** Opening Provided information block **

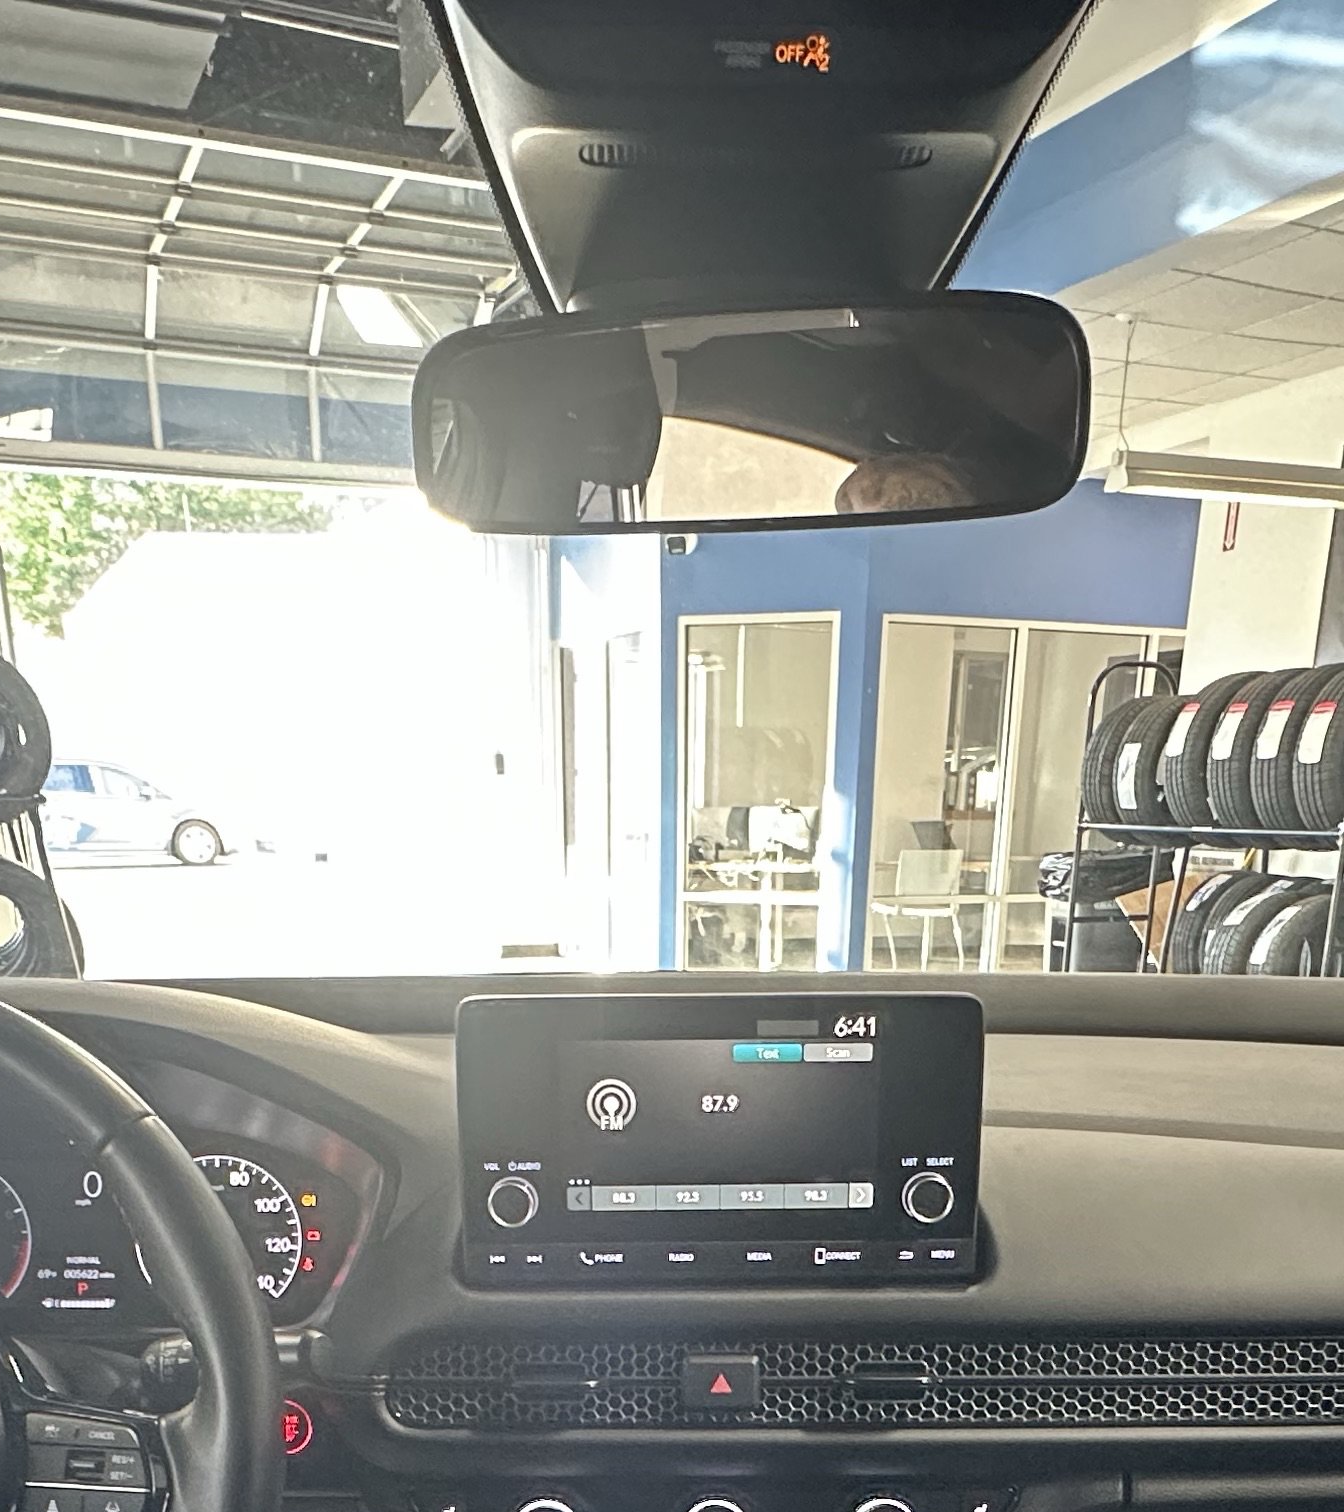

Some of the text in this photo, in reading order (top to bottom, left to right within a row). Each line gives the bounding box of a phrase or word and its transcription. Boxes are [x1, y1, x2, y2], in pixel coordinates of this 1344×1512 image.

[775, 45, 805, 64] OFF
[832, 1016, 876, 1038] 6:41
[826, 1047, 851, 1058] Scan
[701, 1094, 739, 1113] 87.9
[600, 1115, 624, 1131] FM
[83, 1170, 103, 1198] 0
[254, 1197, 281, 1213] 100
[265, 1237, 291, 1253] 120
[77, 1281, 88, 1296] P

** Closing Provided information block **

■ What you need to do ■
The response must consist of the entries above exactly as they stand, minus any pictures.

■ Completed exercise ■
Some of the text in this photo, in reading order (top to bottom, left to right within a row). Each line gives the bounding box of a phrase or word and its transcription. Boxes are [x1, y1, x2, y2], in pixel coordinates of this 1344×1512 image.

[775, 45, 805, 64] OFF
[832, 1016, 876, 1038] 6:41
[826, 1047, 851, 1058] Scan
[701, 1094, 739, 1113] 87.9
[600, 1115, 624, 1131] FM
[83, 1170, 103, 1198] 0
[254, 1197, 281, 1213] 100
[265, 1237, 291, 1253] 120
[77, 1281, 88, 1296] P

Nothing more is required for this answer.